[Phrase grounding data]
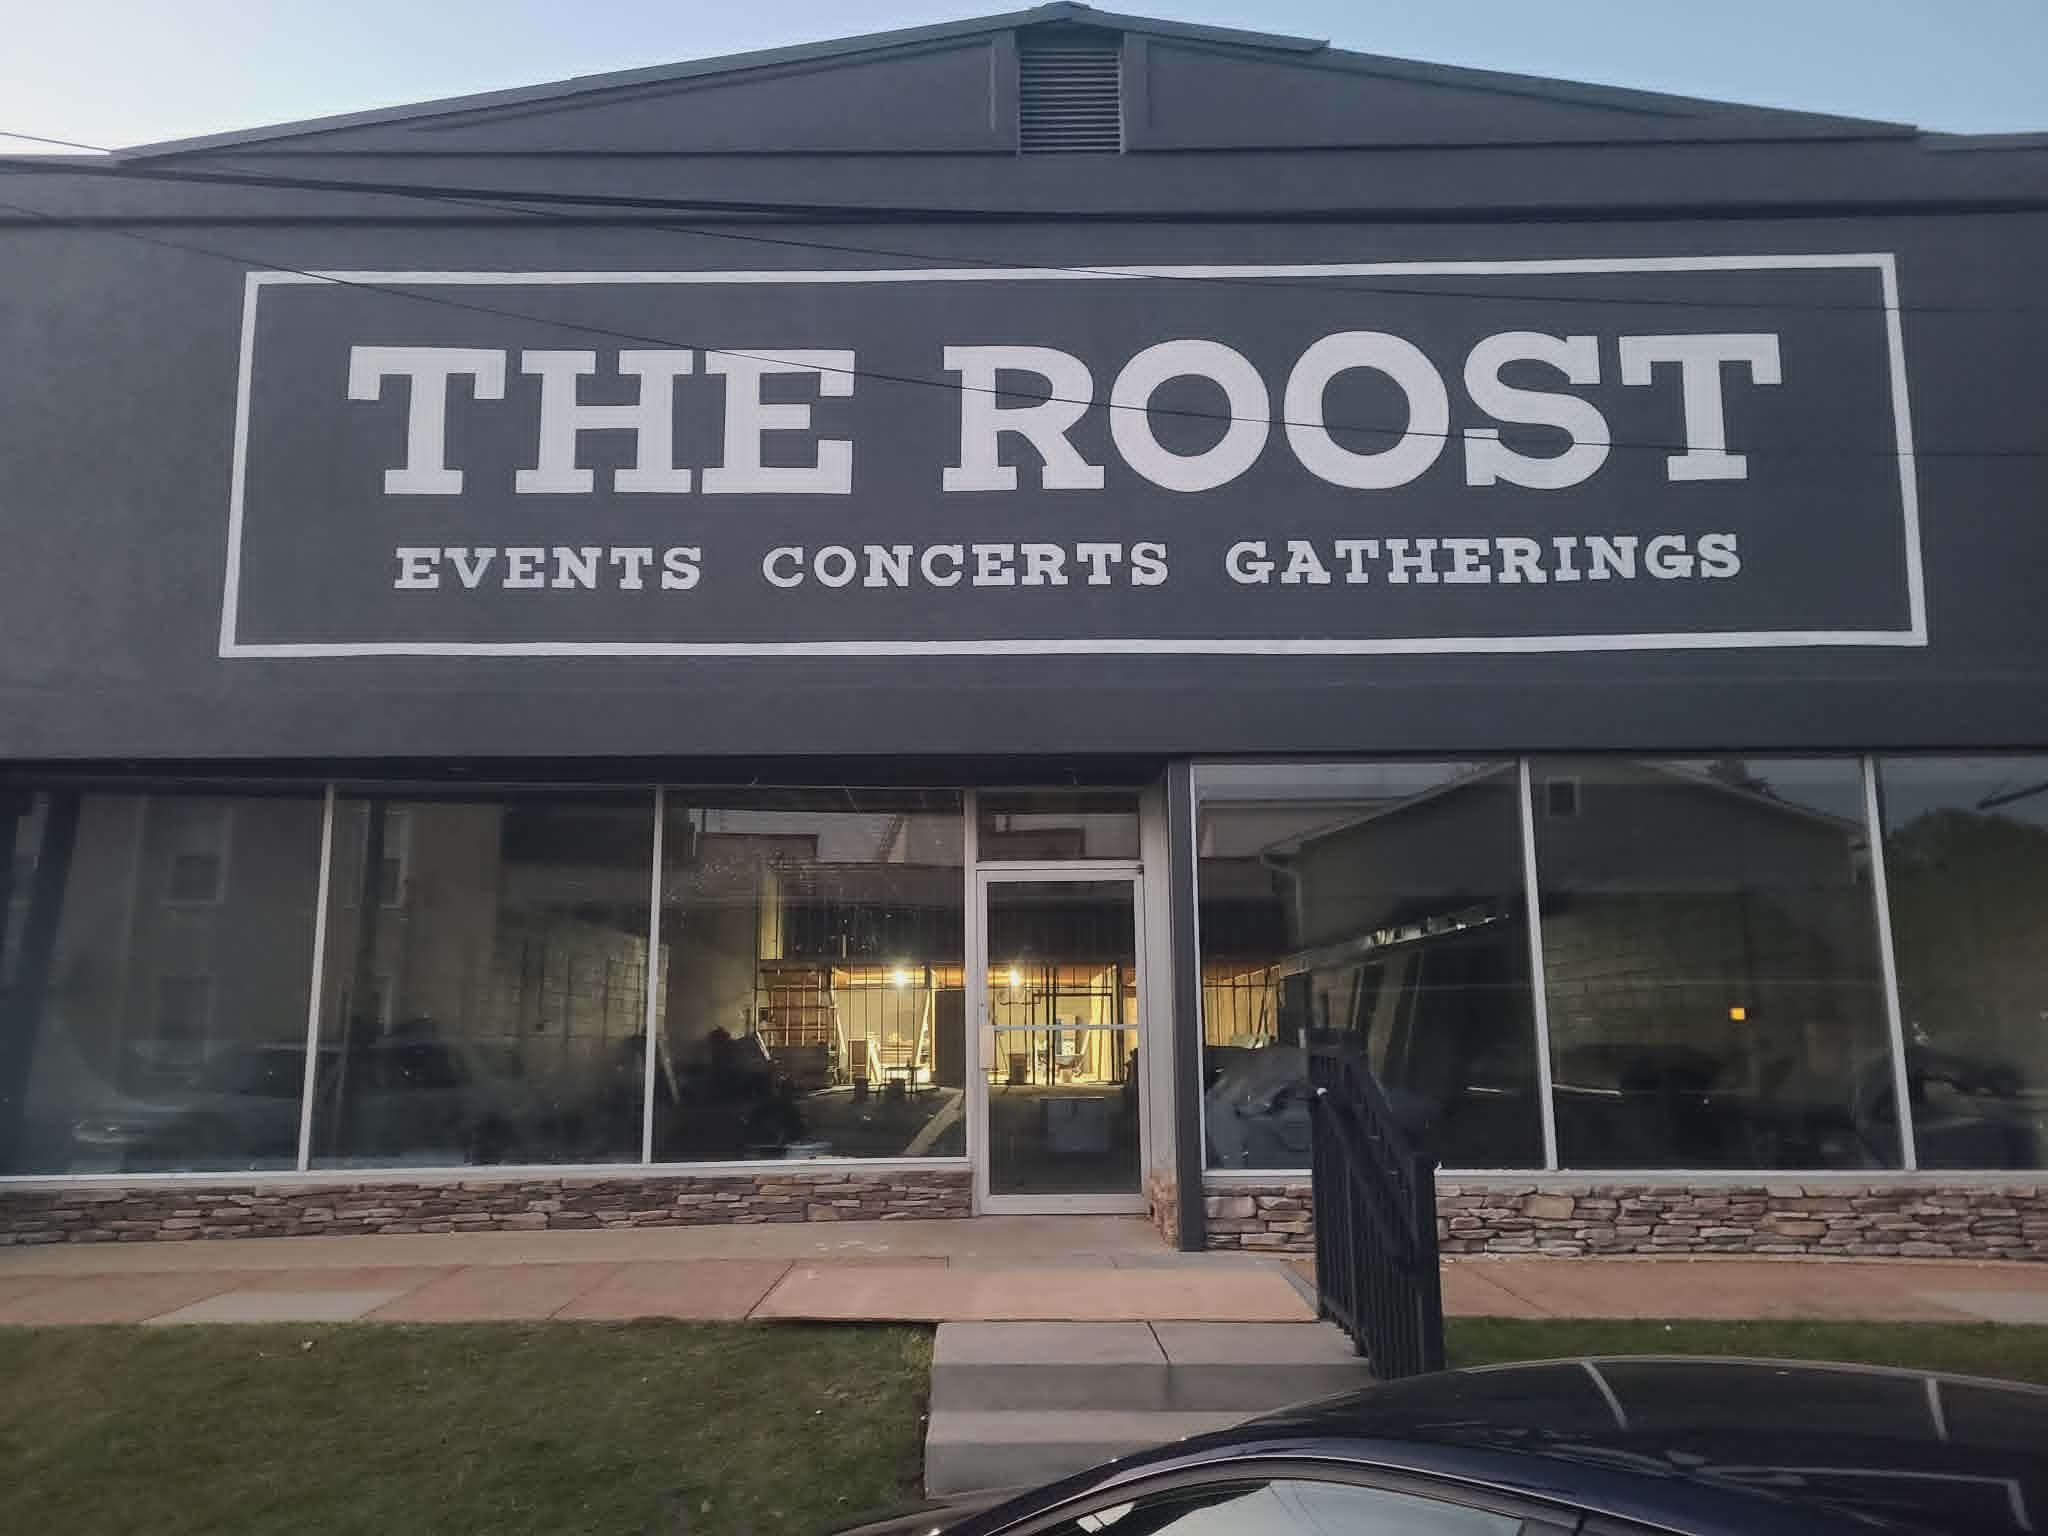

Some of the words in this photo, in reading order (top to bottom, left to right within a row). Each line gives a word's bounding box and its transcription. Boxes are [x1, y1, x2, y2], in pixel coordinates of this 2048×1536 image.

[347, 345, 856, 497] THE
[942, 331, 1782, 493] ROOST
[393, 546, 702, 591] EVENTS
[762, 541, 1169, 588] CONCERTS
[1225, 533, 1741, 585] GATHERINGS
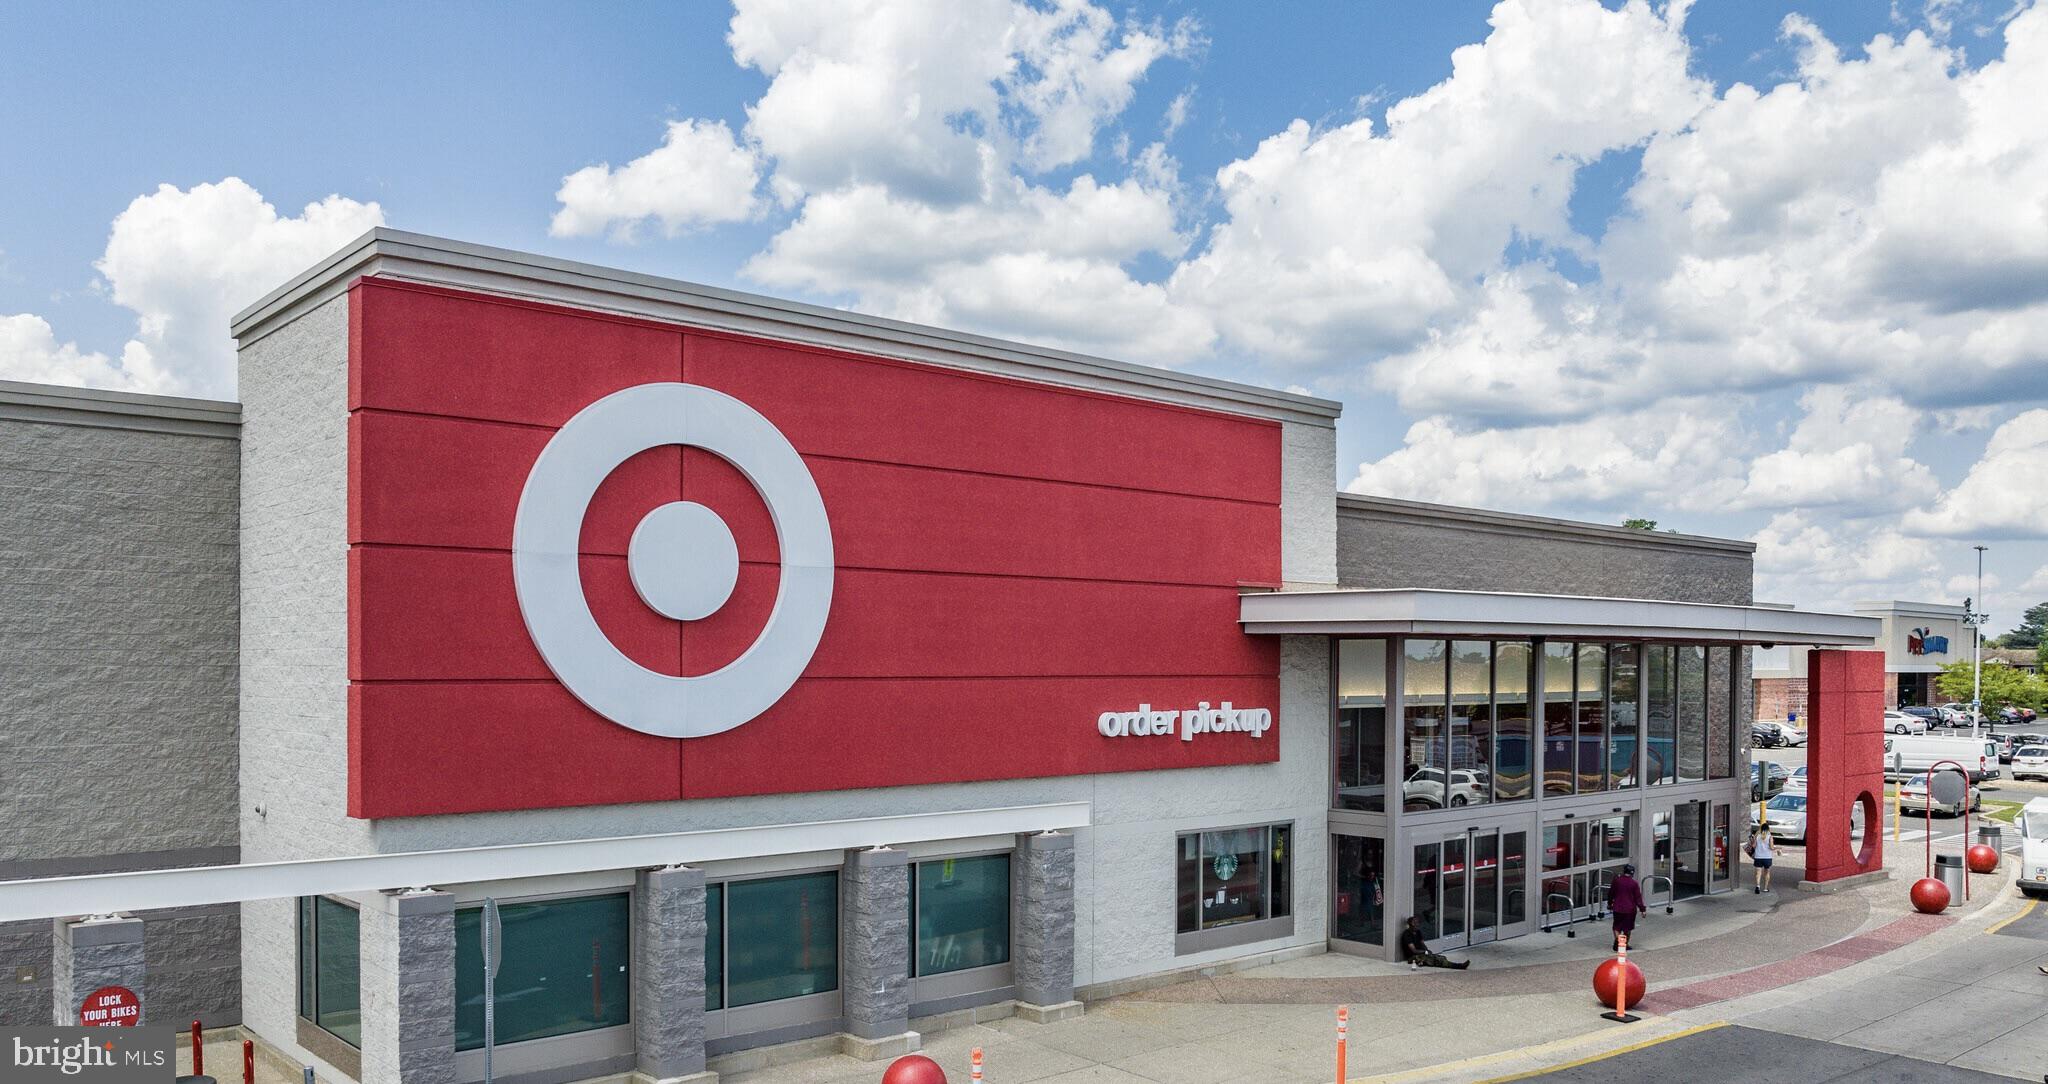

• What to work on: Please give an exact printout of all the records, pictures aside.

• Exercise output:
Some of the words in this photo, in reading order (top to bottom, left to right within a row). Each line gives a word's bounding box and its transcription. Boxes are [x1, y1, x2, y2], in pixel coordinates of this 2048×1536 image.

[347, 345, 856, 497] THE
[942, 331, 1782, 493] ROOST
[393, 546, 702, 591] EVENTS
[762, 541, 1169, 588] CONCERTS
[1225, 533, 1741, 585] GATHERINGS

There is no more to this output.